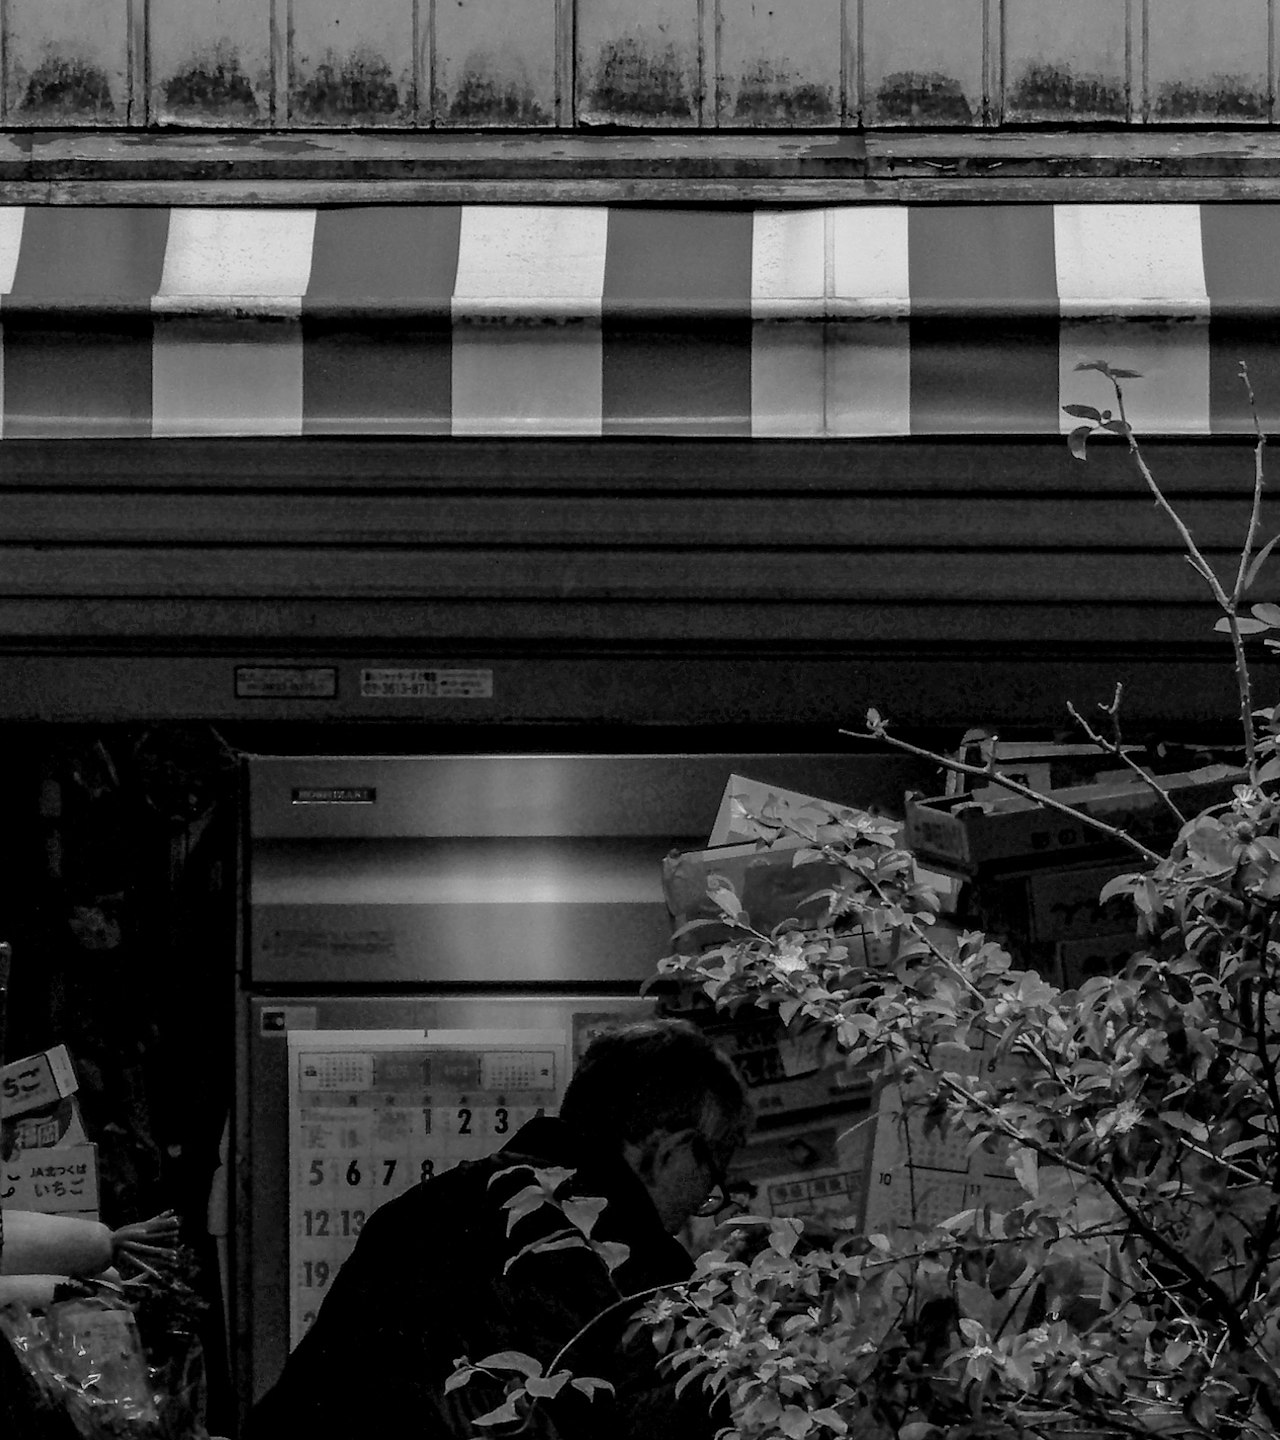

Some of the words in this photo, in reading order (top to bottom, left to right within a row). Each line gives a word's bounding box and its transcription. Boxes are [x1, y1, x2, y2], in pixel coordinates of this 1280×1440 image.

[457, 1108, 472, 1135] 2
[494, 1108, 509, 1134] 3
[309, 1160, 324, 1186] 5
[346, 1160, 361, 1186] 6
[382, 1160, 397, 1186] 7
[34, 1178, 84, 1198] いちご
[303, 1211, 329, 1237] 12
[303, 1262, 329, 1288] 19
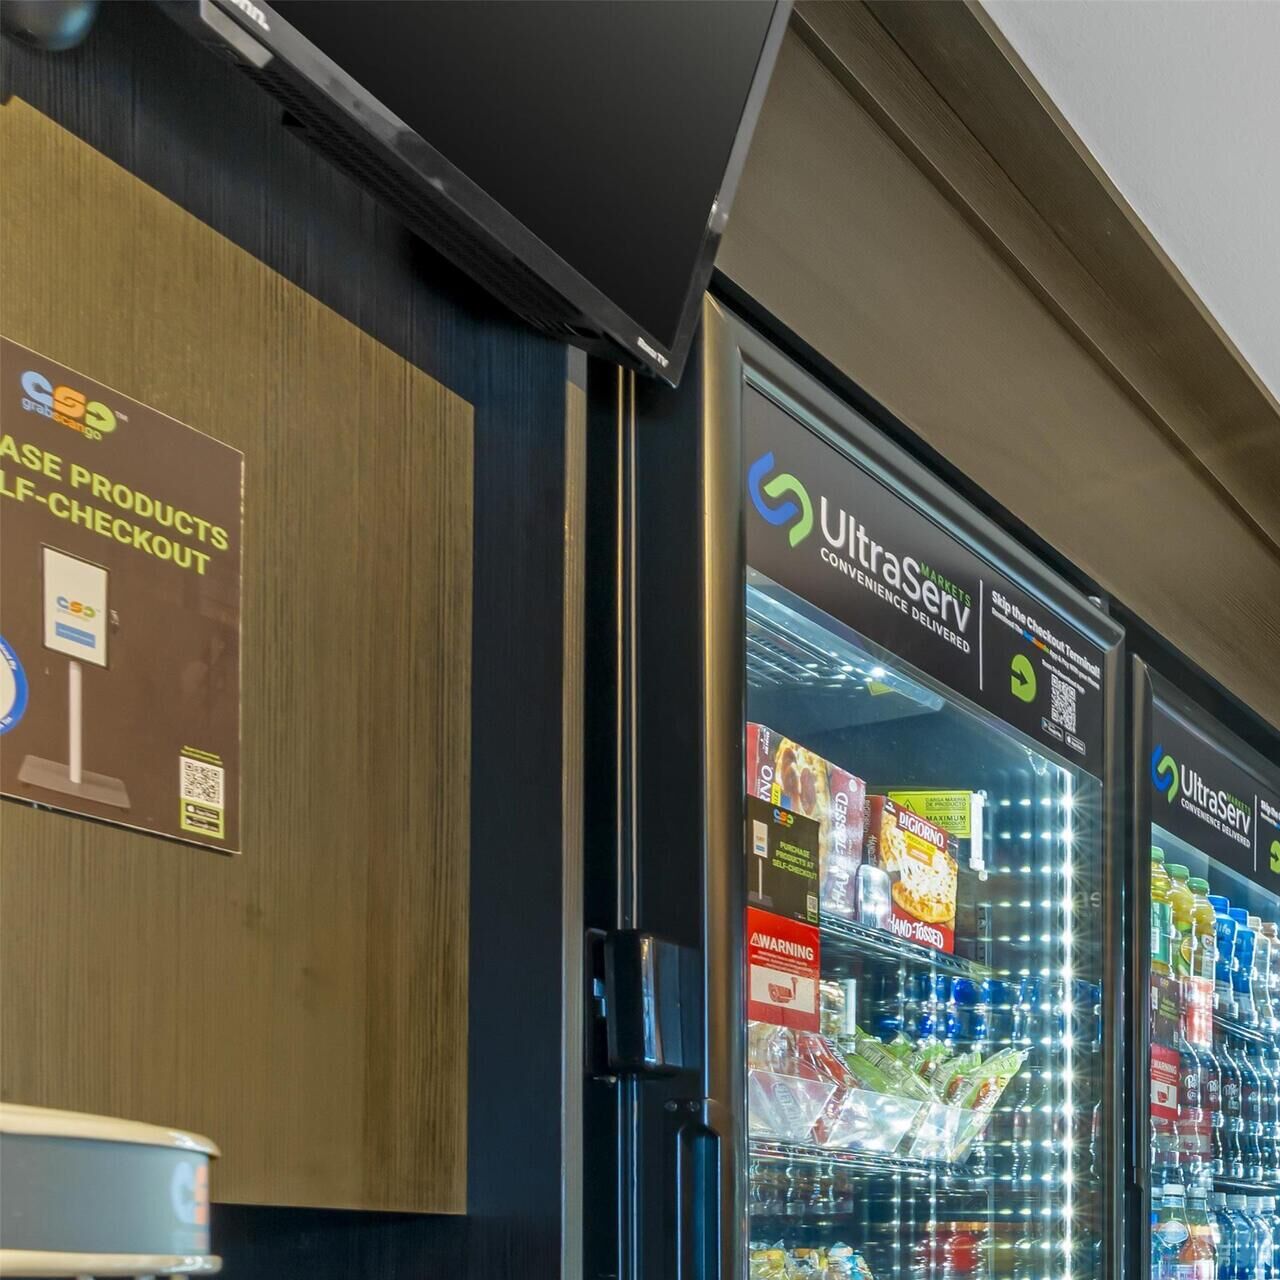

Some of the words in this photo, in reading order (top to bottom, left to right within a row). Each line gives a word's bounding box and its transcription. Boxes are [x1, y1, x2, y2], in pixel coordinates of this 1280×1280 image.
* * * *
### [Task goal]
Please write every line above out exactly as given, except for any pictures.

### [Answer section]
Some of the words in this photo, in reading order (top to bottom, left to right within a row). Each line gives a word's bounding box and its transcription. Boxes are [x1, y1, x2, y2], in pixel coordinates of this 1280×1440 image.

[457, 1108, 472, 1135] 2
[494, 1108, 509, 1134] 3
[309, 1160, 324, 1186] 5
[346, 1160, 361, 1186] 6
[382, 1160, 397, 1186] 7
[34, 1178, 84, 1198] いちご
[303, 1211, 329, 1237] 12
[303, 1262, 329, 1288] 19

Some of the words in this photo, in reading order (top to bottom, left to right within a row). Each line gives a word's bounding box and its transcription. Boxes are [x1, y1, x2, y2], in pixel coordinates of this 1280×1280 image.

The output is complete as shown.